What to work on - An exact restatement of the data is required, with the images omitted.

Annotated photo localization data:
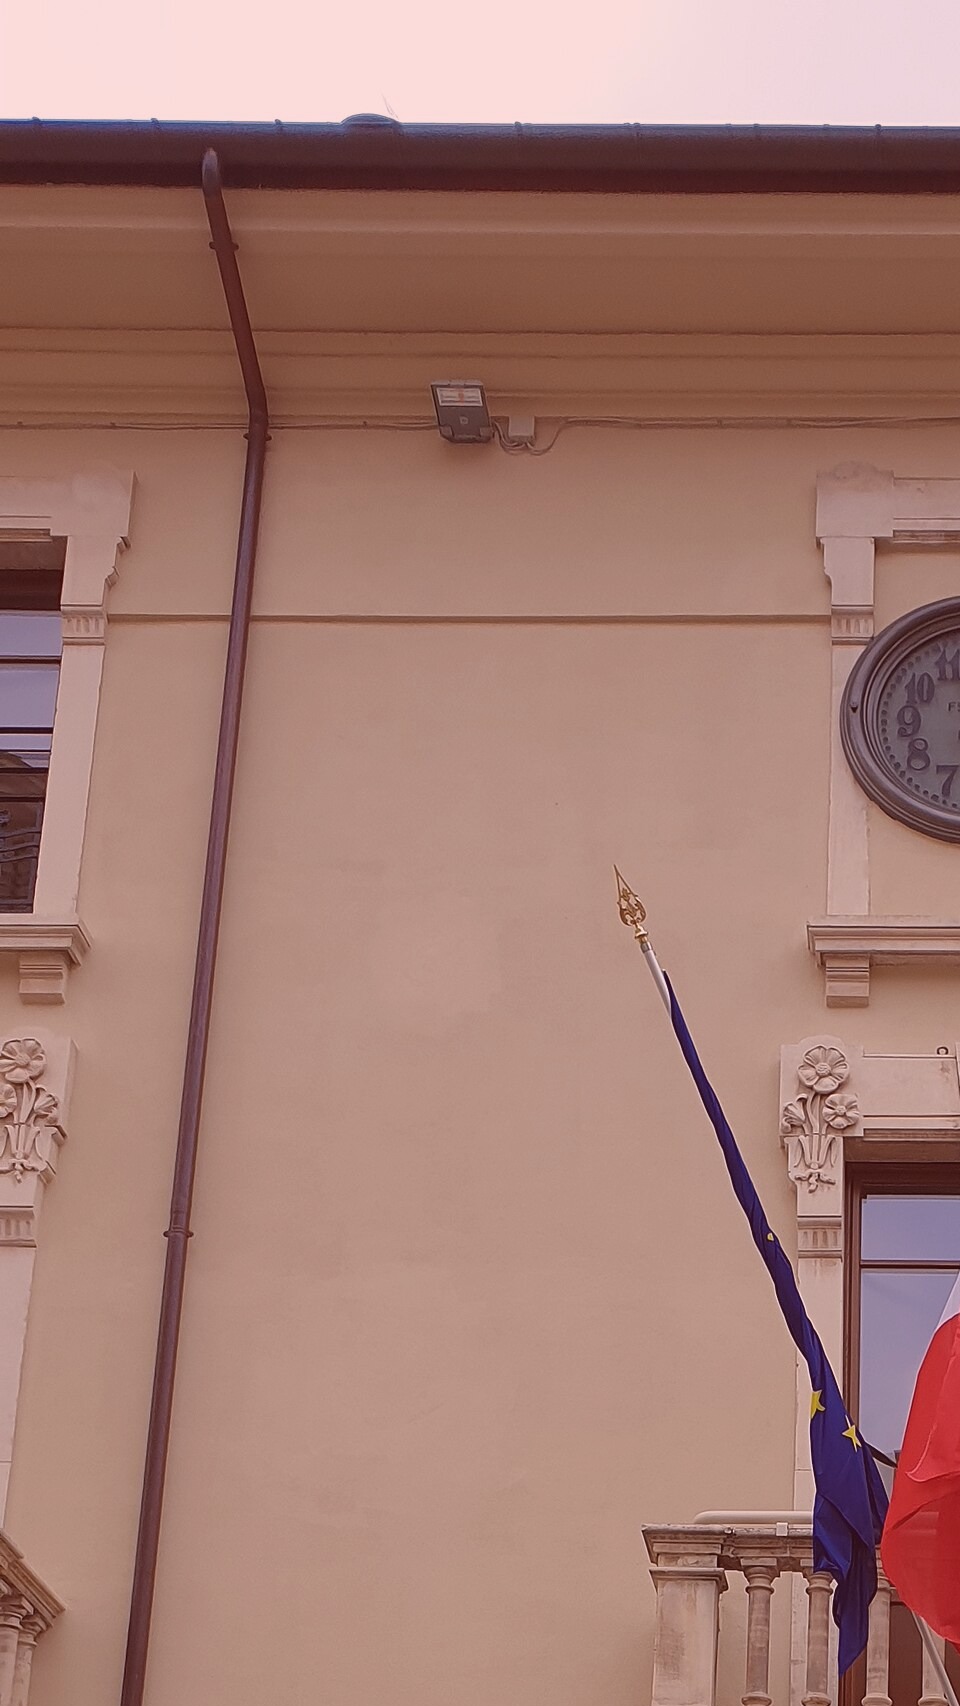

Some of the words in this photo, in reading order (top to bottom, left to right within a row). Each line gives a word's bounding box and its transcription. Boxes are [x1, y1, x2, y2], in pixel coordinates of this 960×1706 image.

[935, 648, 960, 681] 11
[905, 672, 935, 704] 10
[897, 705, 921, 737] 9
[907, 738, 930, 771] 8
[936, 764, 960, 797] 7
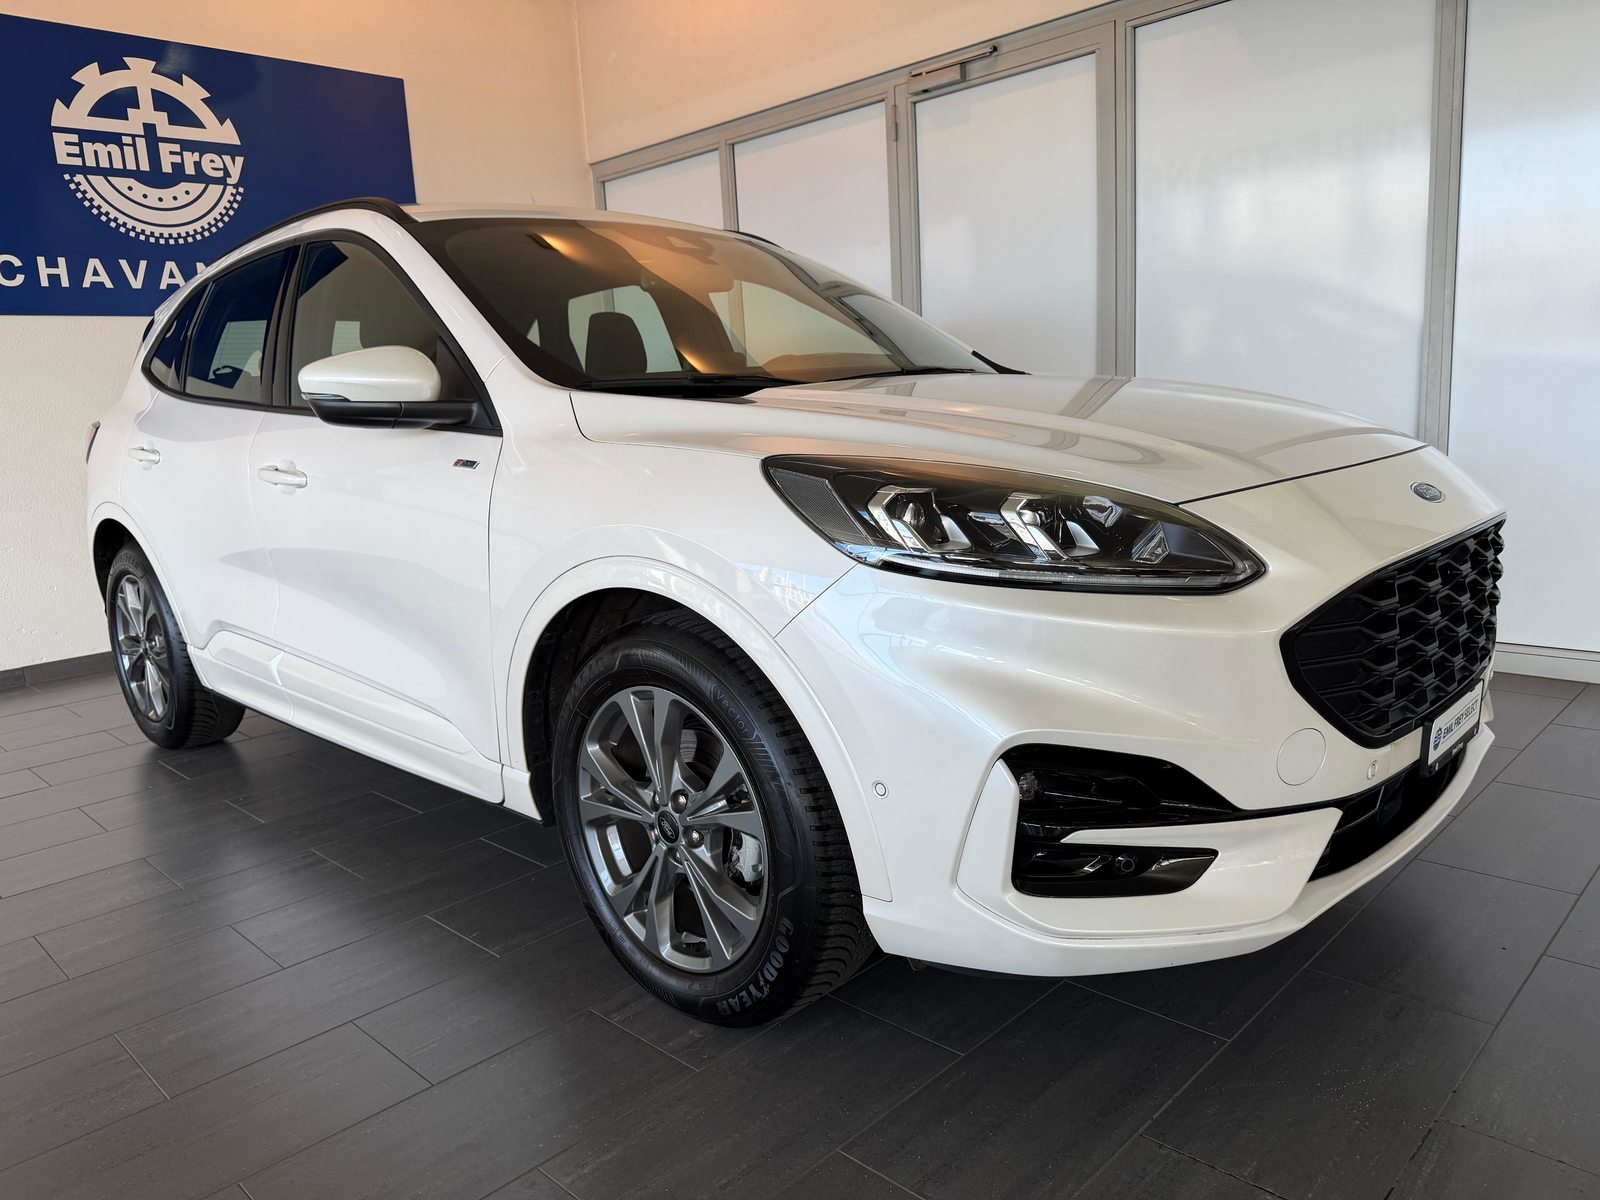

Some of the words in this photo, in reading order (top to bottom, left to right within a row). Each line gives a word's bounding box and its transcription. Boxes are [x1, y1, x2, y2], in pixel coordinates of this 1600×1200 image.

[52, 132, 150, 172] Emil
[158, 142, 245, 185] Frey
[0, 254, 207, 290] CHAVA
[1442, 723, 1455, 739] EMIL
[1454, 712, 1465, 729] FREY
[1464, 699, 1479, 720] SELECT
[715, 917, 795, 1016] GOODYEAR
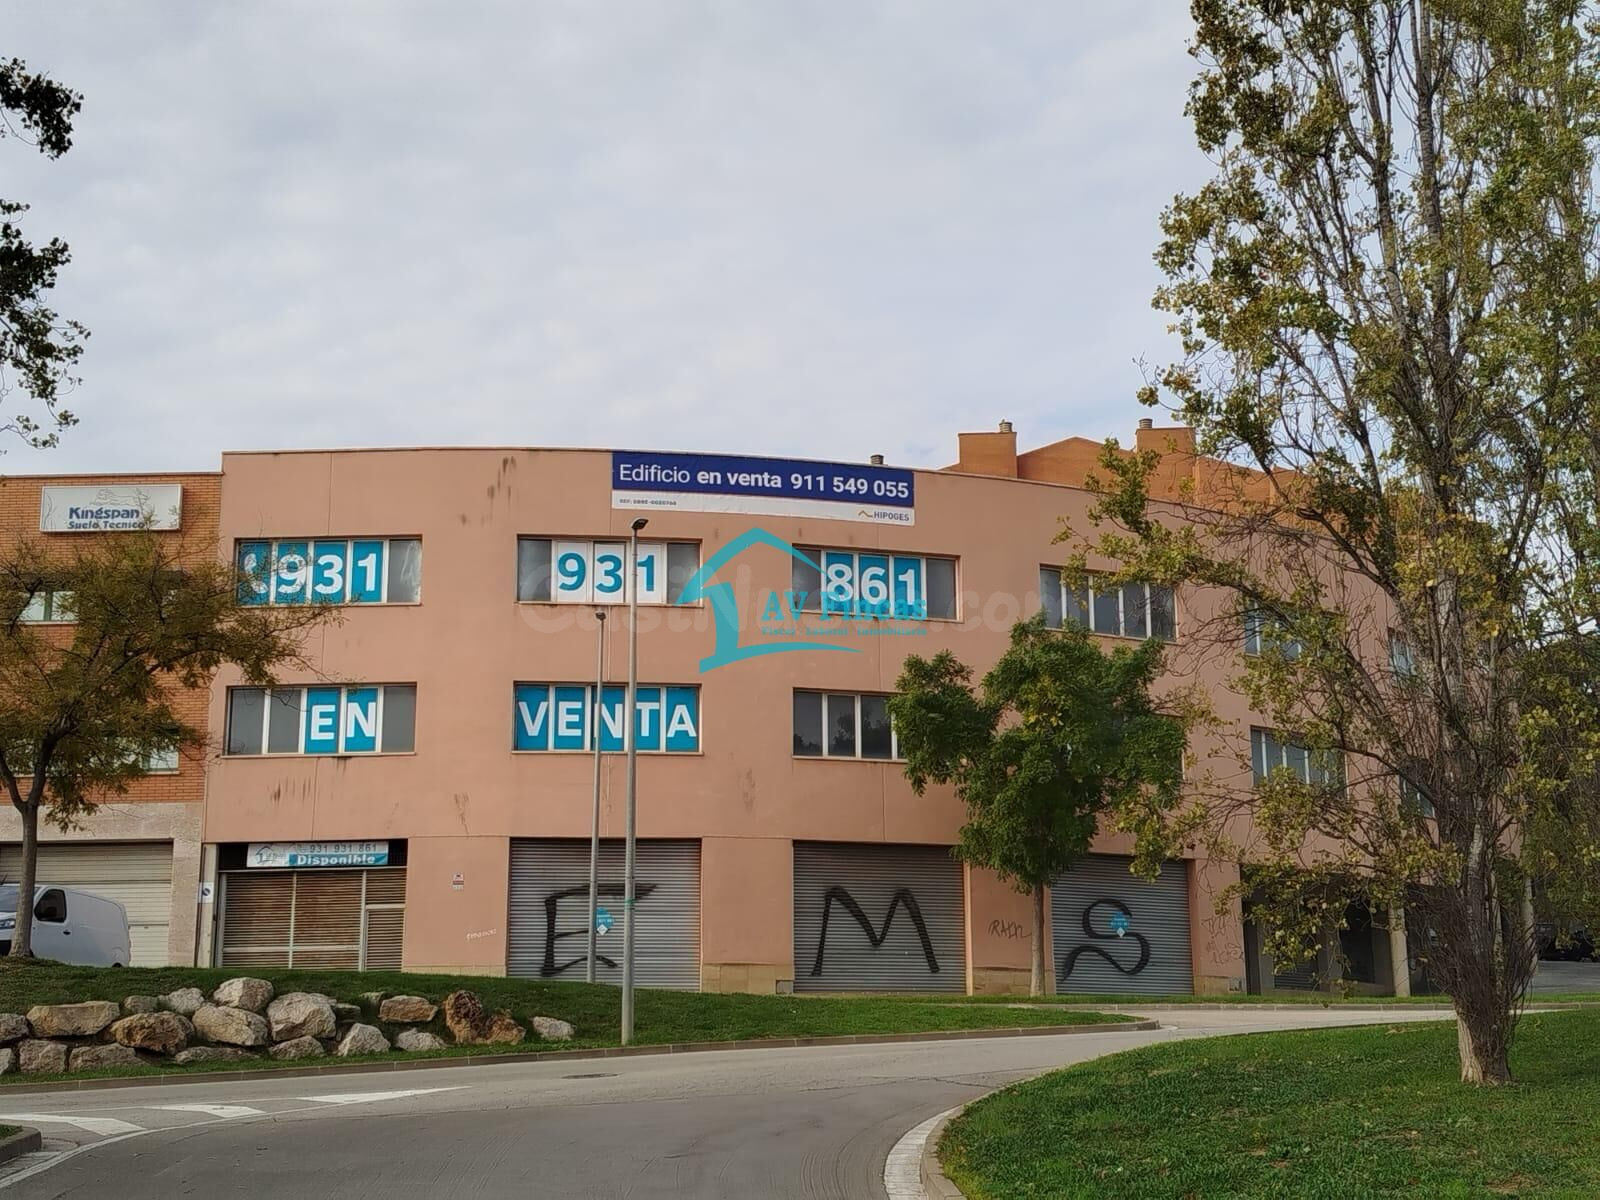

Reply to the exercise -
Some of the words in this photo, in reading order (top to bottom, left to right within a row). Each line gives a word's bounding box and its transcription. Boxes are [x1, y1, x2, y2], in pixel coordinates of this 960×1706 image.

[935, 648, 960, 681] 11
[905, 672, 935, 704] 10
[897, 705, 921, 737] 9
[907, 738, 930, 771] 8
[936, 764, 960, 797] 7

Some of the words in this photo, in reading order (top to bottom, left to right within a row). Each line gives a word's bounding box and its transcription. Boxes are [x1, y1, x2, y2], in pixel coordinates of this 1600×1200 image.

[52, 132, 150, 172] Emil
[158, 142, 245, 185] Frey
[0, 254, 207, 290] CHAVA
[1442, 723, 1455, 739] EMIL
[1454, 712, 1465, 729] FREY
[1464, 699, 1479, 720] SELECT
[715, 917, 795, 1016] GOODYEAR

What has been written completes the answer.